Muchas veces, el emperador va
desnudo y nadie se atreve a decirlo hasta que un niño va y lo suelta como quien
no quiere la cosa. A lo largo de mi vida, en más de una ocasión, yo he jugado
el mismo papel que ese niño respondón, en cuestiones importantes y en otras
apenas trascendentales. Hoy, voy a volver a hacerlo sobre un tema que, quizás,
no sea muy relevante pero sobre el que todo el mundo parece estar de acuerdo.
Casi todos consideran que Casablanca (1942)
de Michael Curtiz. Yo, sin embargo, pienso lo contrario. Puede ser que en dicha
opinión influya la que fue mi vida durante bastantes años. Conozco muy bien la
noche y sé que no es el ambiente más propicio para el romanticismo. Yo he visto
nacer amores eternos que no pasaban más allá del siguiente fin de semana. Por
lo tanto, cuando veo en pantalla que en un café de Marruecos, por muy elegante
que sea, en plena II Guerra Mundial, en un ambiente sórdido en el que cualquiera
estaría dispuesto a vender a su madre para salir de esa ratonera, parecen nacer
amores intensos e incondicionales, soy bastante, bastante escéptico.

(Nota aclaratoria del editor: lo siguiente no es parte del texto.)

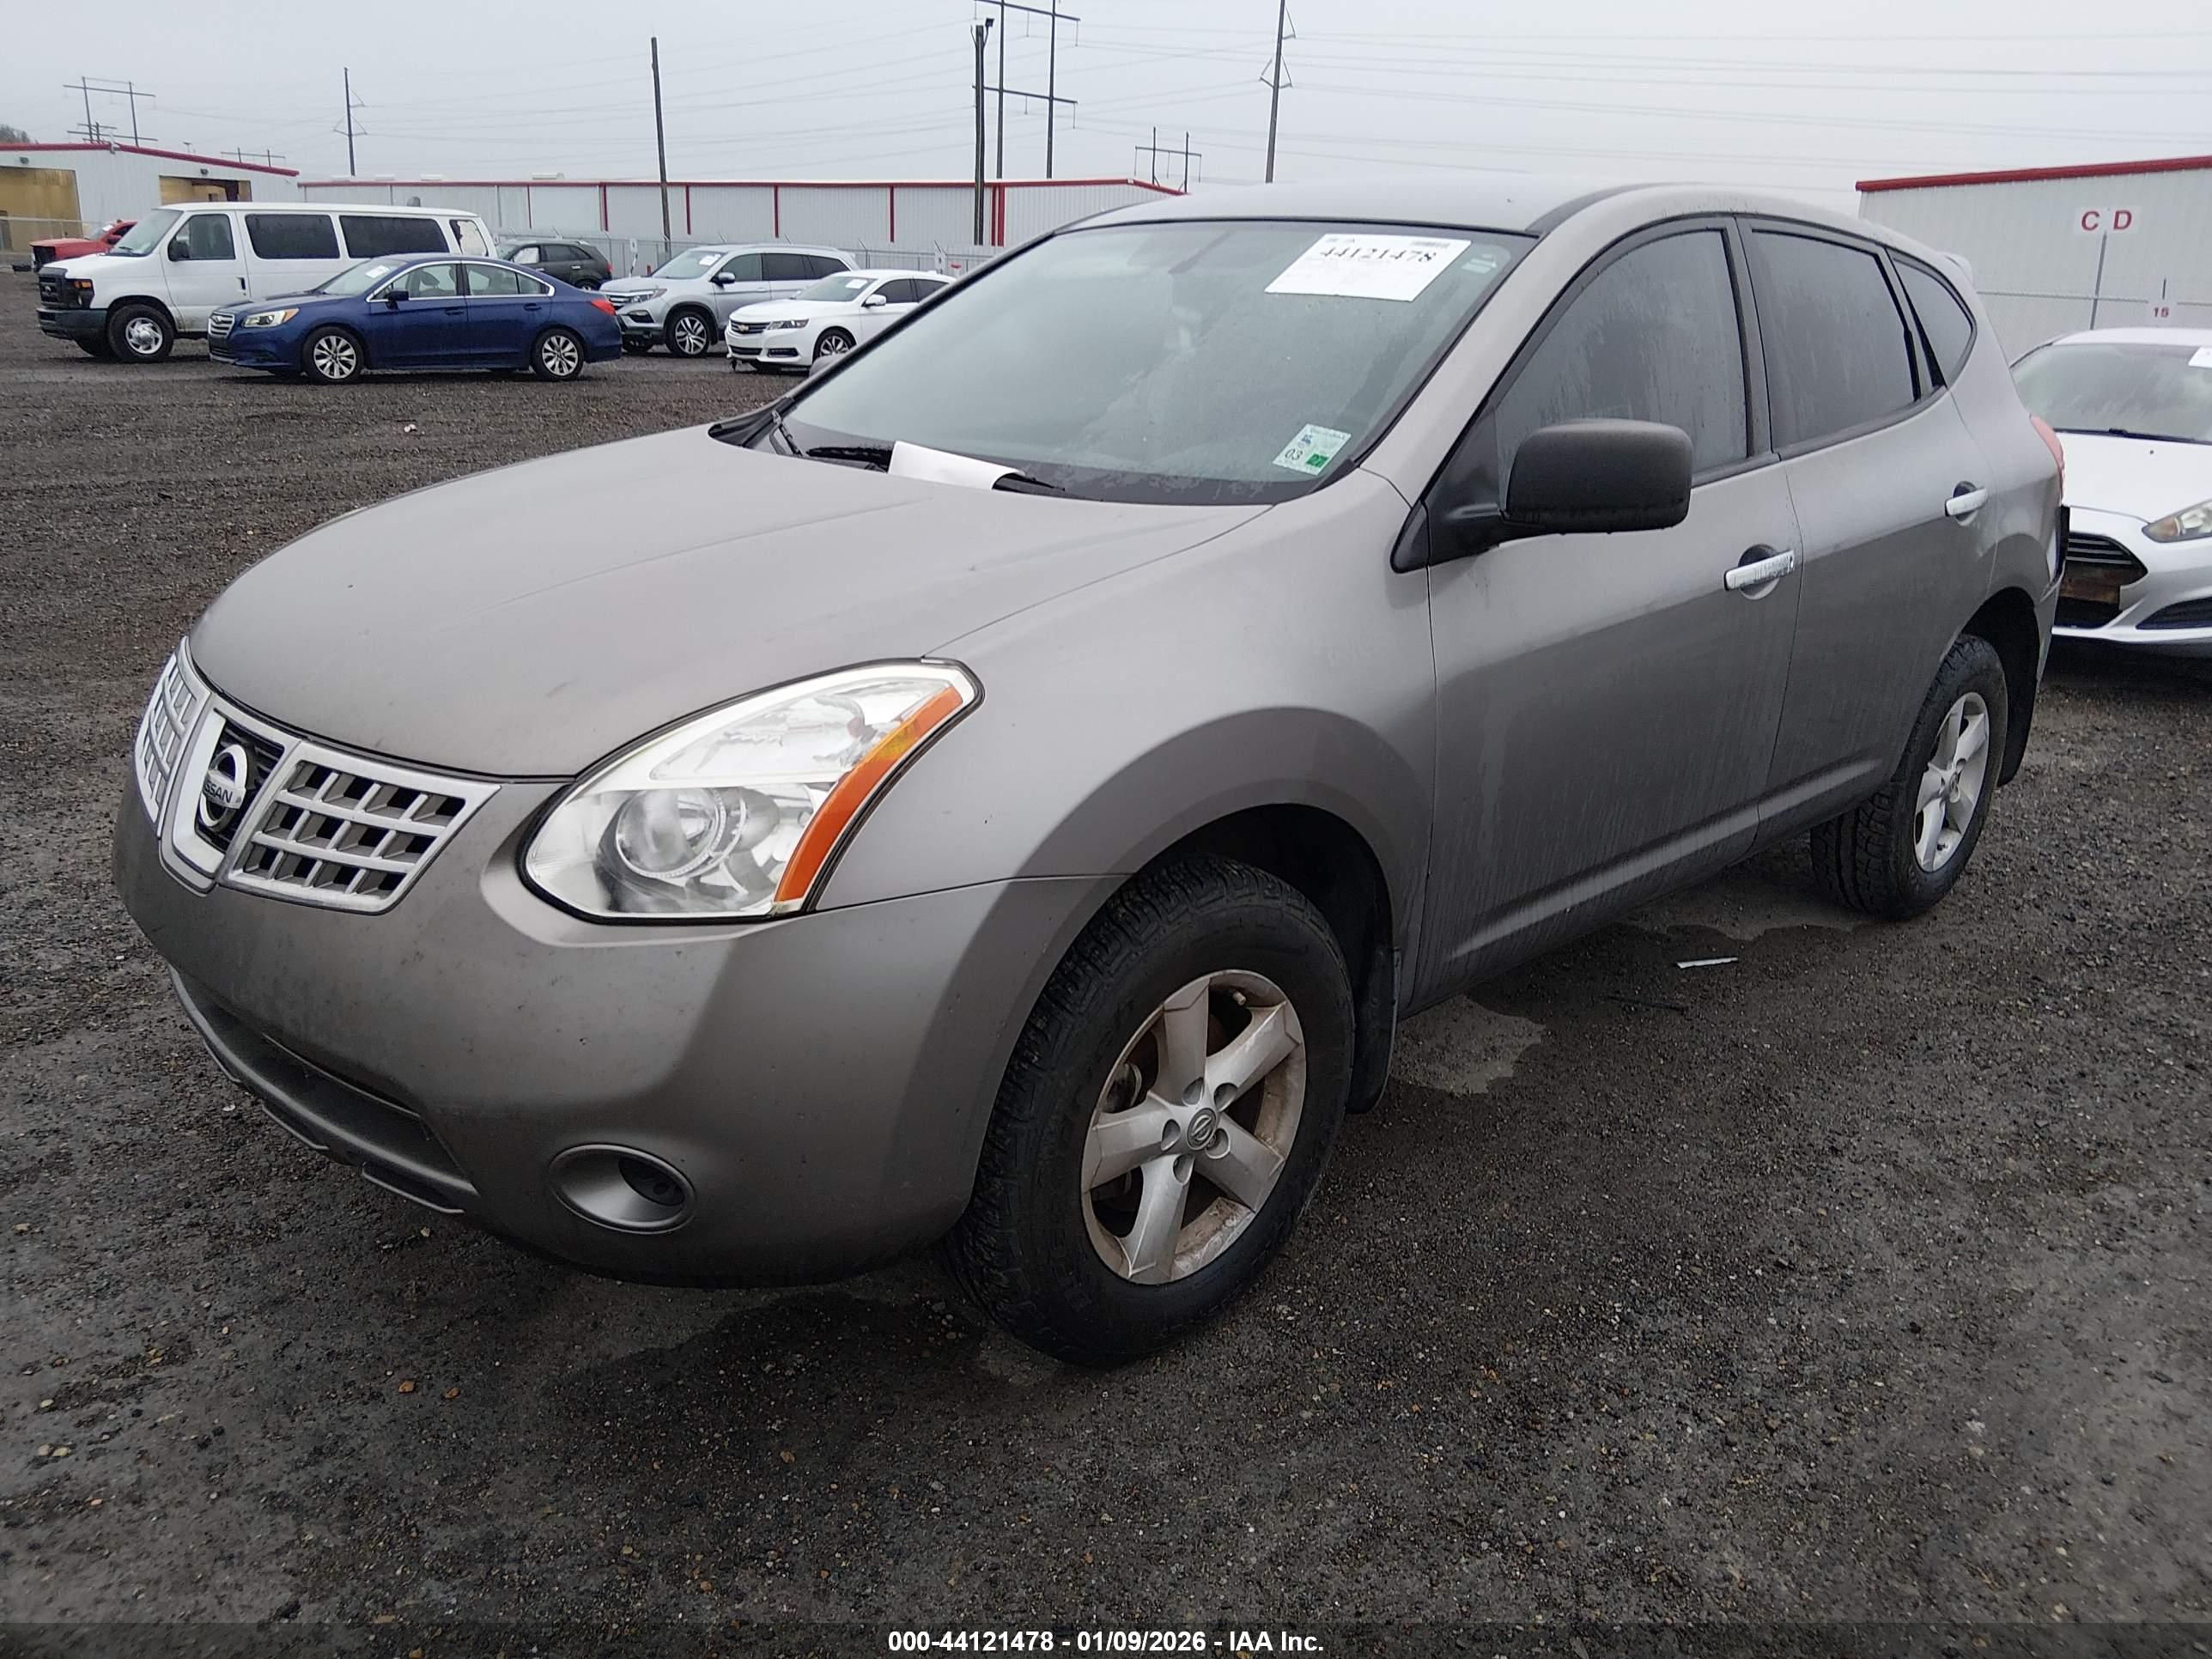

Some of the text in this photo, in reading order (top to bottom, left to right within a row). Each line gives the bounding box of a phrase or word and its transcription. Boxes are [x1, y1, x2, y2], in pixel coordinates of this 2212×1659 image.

[2081, 210, 2132, 231] C D
[204, 780, 233, 804] SSAN
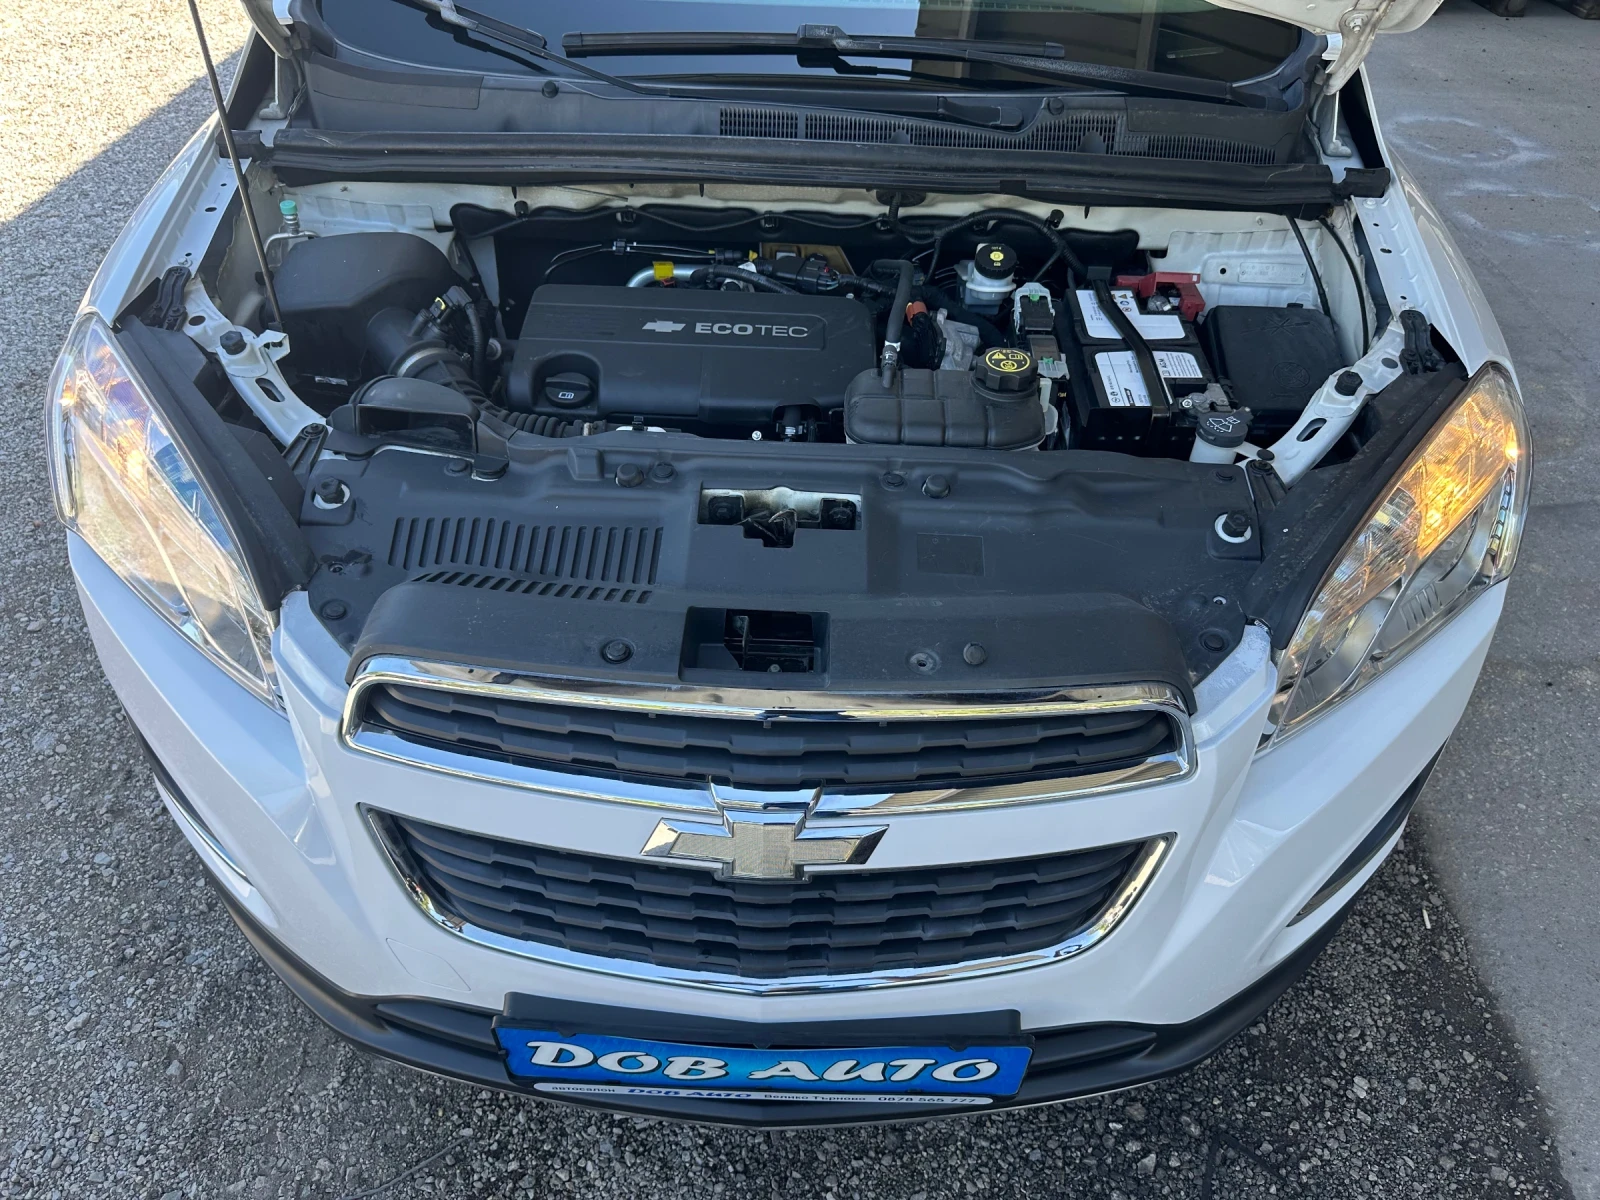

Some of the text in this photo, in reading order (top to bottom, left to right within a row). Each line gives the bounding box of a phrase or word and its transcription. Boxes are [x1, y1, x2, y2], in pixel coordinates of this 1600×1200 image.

En realidad, y eso es lo que en
la actualidad no se percibe tan claramente al ver la película como pudo ser
percibido en el momento del estreno, es que Casablanca
es un film básicamente político. Nos habla de un momento en que el nazismo
está en pleno apogeo y lo que nos quiere decir a los espectadores es que hay
que anteponerlo todo, incluso las cuestiones más personales, a la derrota de
ese peligroso oponente. Por lo tanto, cuando Humphrey Bogart se reencuentra,
sin esperarlo, con Ingrid Bergman y revive en la memoria la historia de amor
que tuvo con ella en París, todo va destinado a que al final el Pepito Grillo
que él (como todos nosotros) tiene en su cabeza le diga: “Mira, Humphrey, no te
metas en líos. Ingrid ya te dejó una vez y, a lo mejor, vuelve a dejarte algún
día. Así que haz lo que tienes que hacer en las circunstancias actuales: deja
que Ingrid se vaya con su marido y que este pueda luchar con plena energía
contra el nazismo que es lo que en verdad importa ahora mismo”. Y eso es lo que
al final ocurre, que Humphrey Bogart mete en el avión a Ingrid Bergman y,
¡hala!, pelillos a la mar.
Imagen de Casablanca en la que vemos uno de los
momentos clave de la película, con Claude Rains, Humphrey Bogart e Ingrid
Bergman
Si hay alguna duda de que Casablanca es una película esencialmente
política, su famosa secuencia final lo subraya plenamente. El capitán Louis
Renault (Claude Rains) arroja a la papelera una botella de agua de Vichy. Vichy
era, tras la invasión nazi, la ciudad donde se había establecido el gobierno
francés presidido por Pétain, que construyó un régimen que colaboraba plenamente
con el nazismo. Por tanto, lo que Renault está diciendo en su gesto con la
botella es que ese régimen, tolerado por Hitler a cambio de la ayuda que
presta, tiene que ser arrojado, directamente, a la basura. Y, a continuación,
la famosa frase de Bogart con que se cierra la película (“Este es el principio
de una gran amistad”) representa el deseo de alianza entre Estados Unidos y la
Francia Libre representada por Charles de Gaulle. Es decir, el colofón del film
no se refiere a amores románticos ni nada por el estilo sino a qué estrategia
hay que seguir para vencer al adversario. Ni más ni menos.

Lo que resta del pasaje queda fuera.